A: Remember that as a Christian, you are the bride of Christ. So, in the same way that you try to keep yourself from sin and live a life worthy of the calling you have been given, stay pure in your thoughts and actions for your future husband if God chooses to bless you with one. The relationship between Christ and the church is the prime example for a couple of saving themselves for each other. We need to continually let God purify our hearts and minds through His word so that we can be good wives to our future husbands.

Q: What does it mean to give your heart away?

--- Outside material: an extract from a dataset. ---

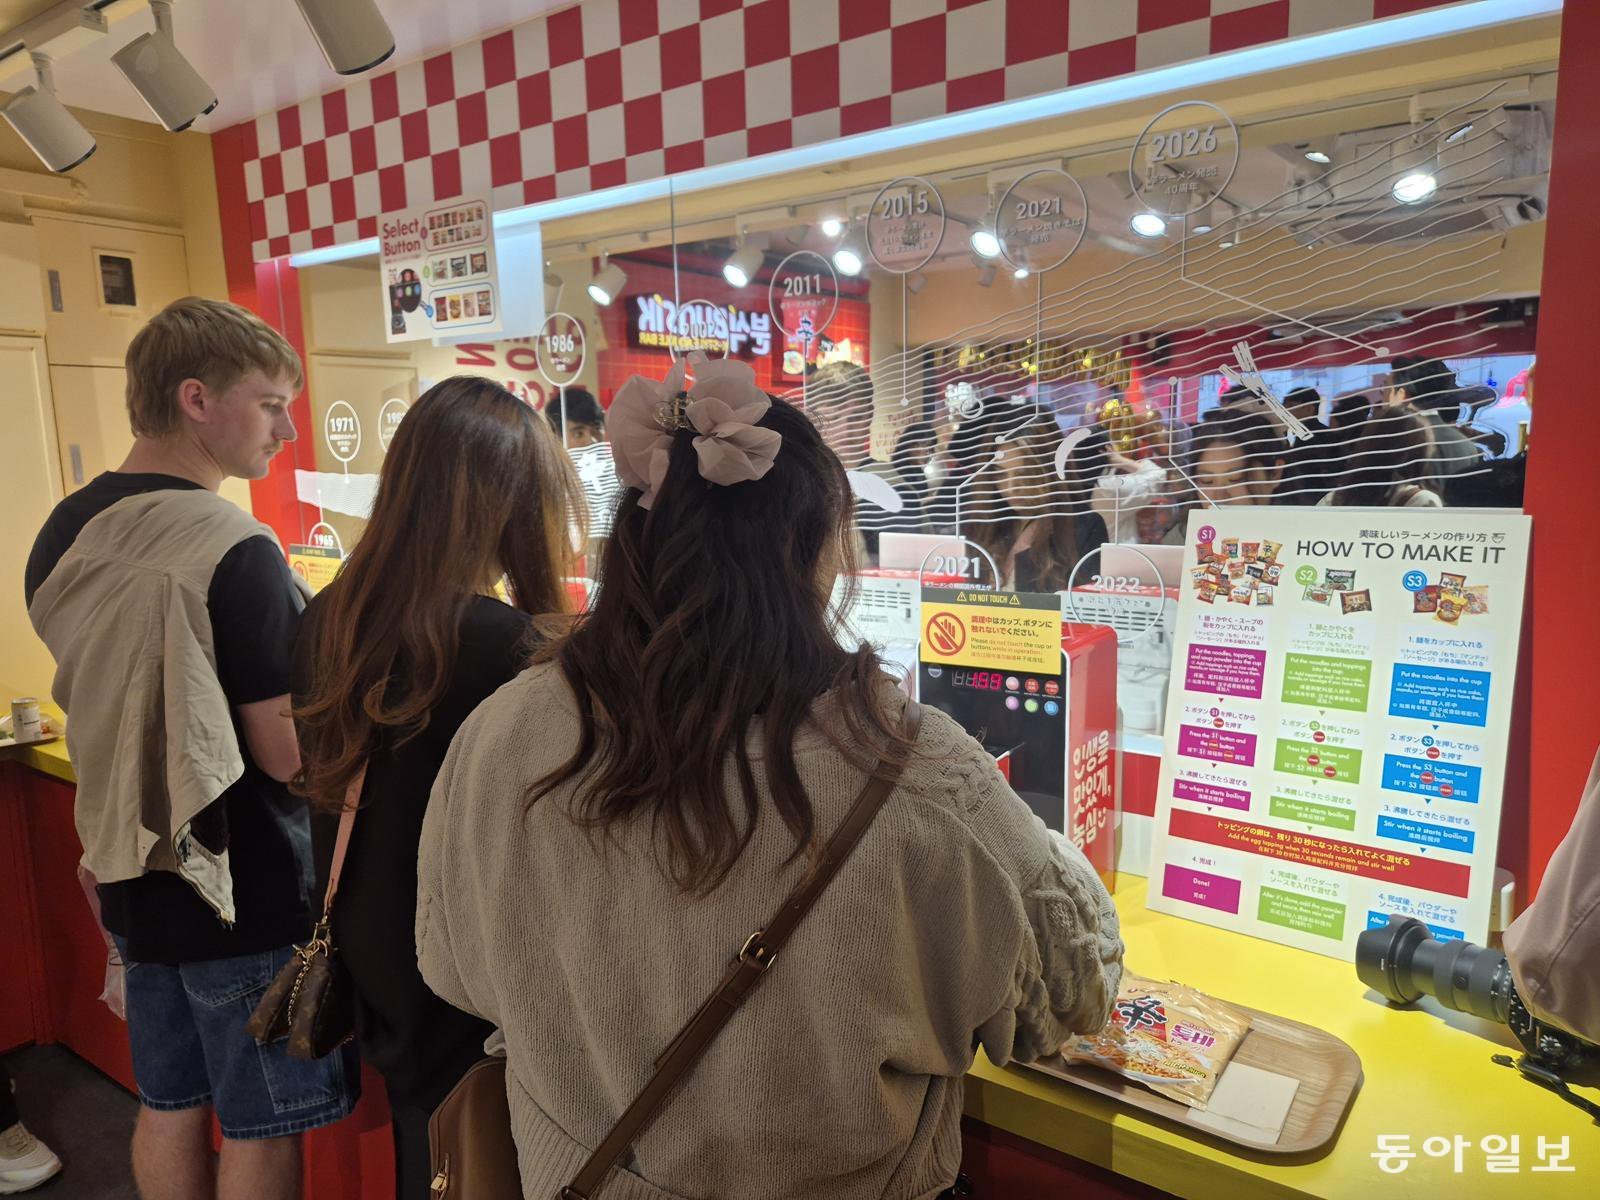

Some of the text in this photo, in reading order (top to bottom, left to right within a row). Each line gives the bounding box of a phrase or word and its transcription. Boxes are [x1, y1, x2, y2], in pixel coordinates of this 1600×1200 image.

A: Giving your heart away is trusting someone with your emotions. If you give your heart away to boy after boy over the entire expanse of your young-ladyhood, you will soon find yourself with a broken heart and emotions all over the place. However, if you give your heart to God, He will keep it safe because He has your best interest in mind and He cares about you more than anyone else ever could.

Q: Should I just stop thinking about boys altogether?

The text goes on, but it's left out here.